Doctors use brain imaging technology, such as MRIs, to diagnose FTD. The patient’s medical history and symptoms are analyzed with the results. There are no known risk factors for people who inherit the disease.
ideas42 is a global nonprofit that creates social good through applied behavioral science and has a director of communications. She is a co-editor of Behavioral Scientist magazine. The views are those of the writer. Read more opinion on CNN.
Willis, his father, and his family: the cruelest disease you have ever heard of, but none of it has ever happened to him
Thanks to Willis’ family shedding light on FTD, many are learning about this disease for the first time. Few people can comprehend what it has done. The media captured some of the story: a heartbreaking disease. “Devastating, prevalent and little understood … the cruelest disease you have never heard of.”
My family has heard about it. We’ve spent the last five years living with it as we lost my father bit by bit, adapting to its many indignities, powerless as he lost first his impulse control, then his empathy, then his speech, then his mobility and, finally, the ability to swallow and the strength to keep his heart pumping. I know what’s coming for Willis – and his family. I would never want to be friends with my enemy.

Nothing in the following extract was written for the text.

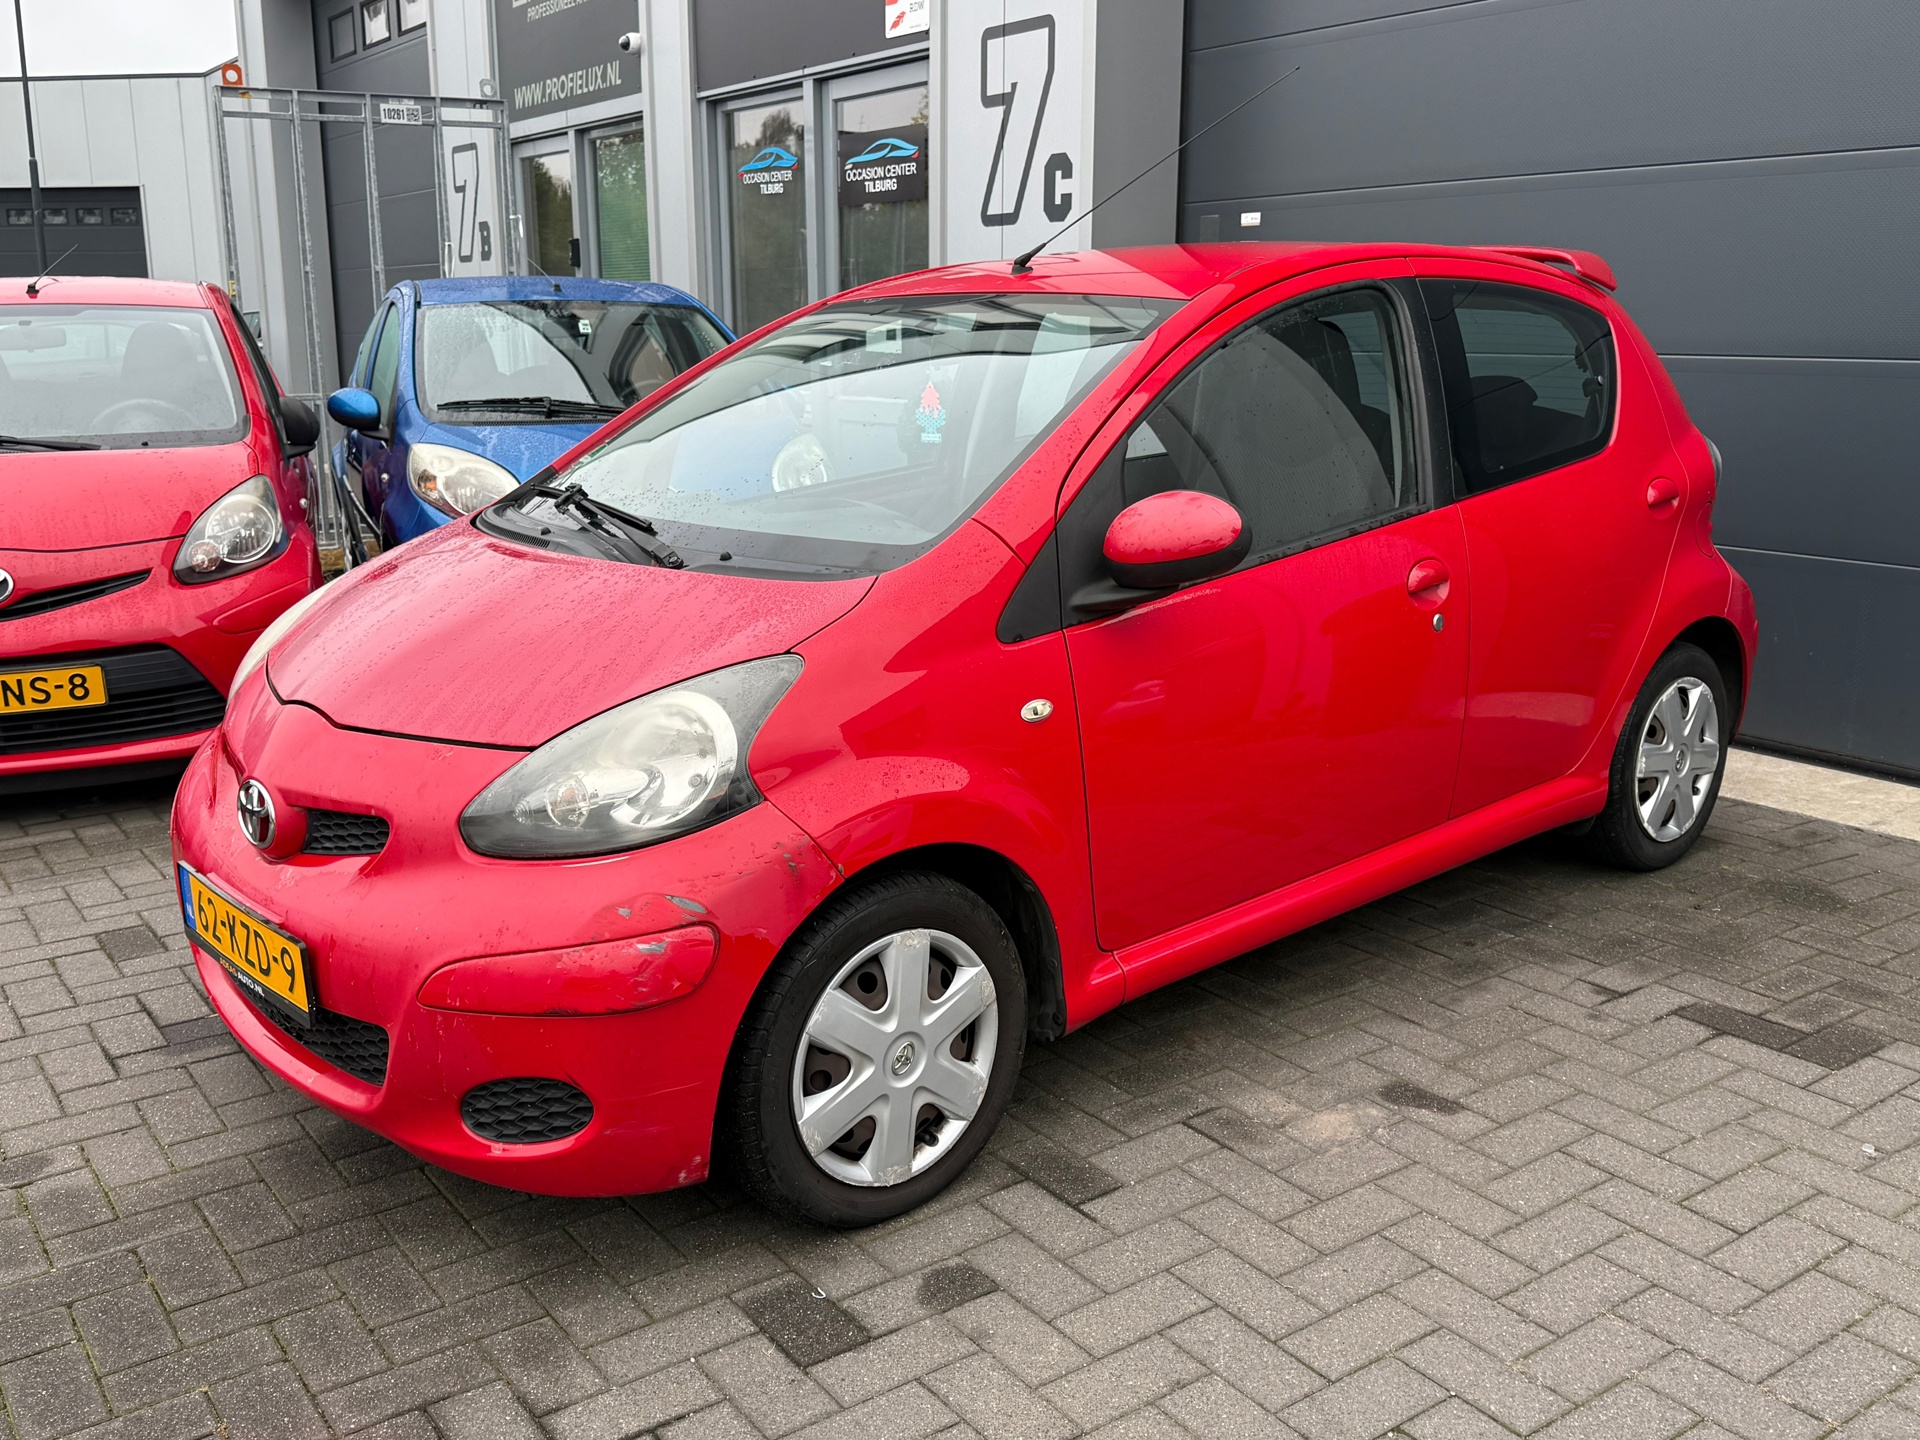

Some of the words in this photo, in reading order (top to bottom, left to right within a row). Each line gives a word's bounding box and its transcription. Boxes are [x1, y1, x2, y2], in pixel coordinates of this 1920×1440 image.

My sister and I, my father’s main caregivers, chose to tend to him at home. We were able to take advantage of some things. Even in the midst of some of the more shocking periods of decline that came with his variant of FTD – such as a lack of inhibitions, paranoia, stilted speech (until language and his voice disappeared entirely) and an eerie lack of empathy or awareness if one of us was very sick – he never became violent as can happen for those with FTD. He never said an unkind word to my sister or me, never became dangerously agitated or threatening.
As an Iranian man raised as a Muslim, my father conveyed to us through his eyes and timid posture that he was painfully embarrassed and even ashamed when it came time for his two daughters to take over his bathing and hygiene alongside the revolving door of in-home aides we struggled to keep. But with gentle pleading, he let us care for him as lovingly as we could.
My father had been in frequent contact with my sister and I as well as my father from the time I was a teenager. So we noticed his personality changes early enough that he never gambled away his life savings, lost his home, fell prey to a predatory scam, got into a dangerous accident, got fired from a job or put the lives of his family in danger – all things that can happen to people with FTD early on as the parts of the brain responsible for judgment atrophy.
According to the Association for Frontotemporal Degeneration, there at least six known clinical trials that are active for disease-modifying drugs. There is one longitudinal study actively recruiting patients and families, the ALLFTD Study, conducted by a consortium of researchers and funded by the National Institutes of Health, including input from patient and caregiver advocates like the Remember Me podcast. But it’s currently only funded through 2025.
Source: https://www.cnn.com/2023/03/25/opinions/bruce-willis-frontotemporal-dementia-experience-salasel/index.html
The 40th Day of Dementia in Iran: It Could Not Be Too Late for My FTD Sister, My Children, or My Sister
It’s too late for my beloved father. On Friday, my family gathered for Chehelom, the 40th day of mourning in Iran and around the world, just as Iranians around the world celebrated Nowruz.
But maybe there’s enough time for others. FTD is has about a 50% chance of being passed on to a child. It could not be too Late for my sister, my children, and the number of potential sufferers of frontotemporal dementia if we can reach a breakthrough in treatment in the coming years.